Phrase grounding data:
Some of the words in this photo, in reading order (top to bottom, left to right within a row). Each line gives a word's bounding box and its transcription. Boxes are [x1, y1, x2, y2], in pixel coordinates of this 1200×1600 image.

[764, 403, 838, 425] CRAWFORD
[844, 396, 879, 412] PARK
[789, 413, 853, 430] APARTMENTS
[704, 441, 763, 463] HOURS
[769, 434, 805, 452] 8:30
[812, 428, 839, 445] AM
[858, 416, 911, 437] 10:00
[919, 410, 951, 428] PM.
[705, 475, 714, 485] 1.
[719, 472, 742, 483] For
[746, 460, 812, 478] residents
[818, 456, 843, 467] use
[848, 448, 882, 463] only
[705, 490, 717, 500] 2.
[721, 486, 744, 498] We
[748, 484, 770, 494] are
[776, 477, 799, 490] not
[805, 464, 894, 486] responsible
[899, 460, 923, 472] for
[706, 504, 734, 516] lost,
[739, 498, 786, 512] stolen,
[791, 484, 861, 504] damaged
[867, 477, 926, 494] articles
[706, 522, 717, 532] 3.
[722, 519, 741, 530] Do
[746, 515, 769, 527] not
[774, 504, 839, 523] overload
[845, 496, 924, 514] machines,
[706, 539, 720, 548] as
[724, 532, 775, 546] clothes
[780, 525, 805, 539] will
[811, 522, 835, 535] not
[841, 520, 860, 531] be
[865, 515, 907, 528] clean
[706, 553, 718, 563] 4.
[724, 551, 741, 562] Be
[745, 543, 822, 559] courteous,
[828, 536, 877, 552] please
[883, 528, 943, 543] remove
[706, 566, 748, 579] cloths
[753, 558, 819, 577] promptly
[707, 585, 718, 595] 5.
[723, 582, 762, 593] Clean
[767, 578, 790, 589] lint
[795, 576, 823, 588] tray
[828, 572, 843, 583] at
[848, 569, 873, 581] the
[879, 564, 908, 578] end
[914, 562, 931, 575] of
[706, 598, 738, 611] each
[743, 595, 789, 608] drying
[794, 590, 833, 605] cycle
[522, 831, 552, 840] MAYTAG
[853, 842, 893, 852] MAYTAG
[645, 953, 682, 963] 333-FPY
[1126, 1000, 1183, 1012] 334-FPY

What to produce:
Once you have read the records above, write them out again exactly.

Problem solution:
Some of the words in this photo, in reading order (top to bottom, left to right within a row). Each line gives a word's bounding box and its transcription. Boxes are [x1, y1, x2, y2], in pixel coordinates of this 1200×1600 image.

[764, 403, 838, 425] CRAWFORD
[844, 396, 879, 412] PARK
[789, 413, 853, 430] APARTMENTS
[704, 441, 763, 463] HOURS
[769, 434, 805, 452] 8:30
[812, 428, 839, 445] AM
[858, 416, 911, 437] 10:00
[919, 410, 951, 428] PM.
[705, 475, 714, 485] 1.
[719, 472, 742, 483] For
[746, 460, 812, 478] residents
[818, 456, 843, 467] use
[848, 448, 882, 463] only
[705, 490, 717, 500] 2.
[721, 486, 744, 498] We
[748, 484, 770, 494] are
[776, 477, 799, 490] not
[805, 464, 894, 486] responsible
[899, 460, 923, 472] for
[706, 504, 734, 516] lost,
[739, 498, 786, 512] stolen,
[791, 484, 861, 504] damaged
[867, 477, 926, 494] articles
[706, 522, 717, 532] 3.
[722, 519, 741, 530] Do
[746, 515, 769, 527] not
[774, 504, 839, 523] overload
[845, 496, 924, 514] machines,
[706, 539, 720, 548] as
[724, 532, 775, 546] clothes
[780, 525, 805, 539] will
[811, 522, 835, 535] not
[841, 520, 860, 531] be
[865, 515, 907, 528] clean
[706, 553, 718, 563] 4.
[724, 551, 741, 562] Be
[745, 543, 822, 559] courteous,
[828, 536, 877, 552] please
[883, 528, 943, 543] remove
[706, 566, 748, 579] cloths
[753, 558, 819, 577] promptly
[707, 585, 718, 595] 5.
[723, 582, 762, 593] Clean
[767, 578, 790, 589] lint
[795, 576, 823, 588] tray
[828, 572, 843, 583] at
[848, 569, 873, 581] the
[879, 564, 908, 578] end
[914, 562, 931, 575] of
[706, 598, 738, 611] each
[743, 595, 789, 608] drying
[794, 590, 833, 605] cycle
[522, 831, 552, 840] MAYTAG
[853, 842, 893, 852] MAYTAG
[645, 953, 682, 963] 333-FPY
[1126, 1000, 1183, 1012] 334-FPY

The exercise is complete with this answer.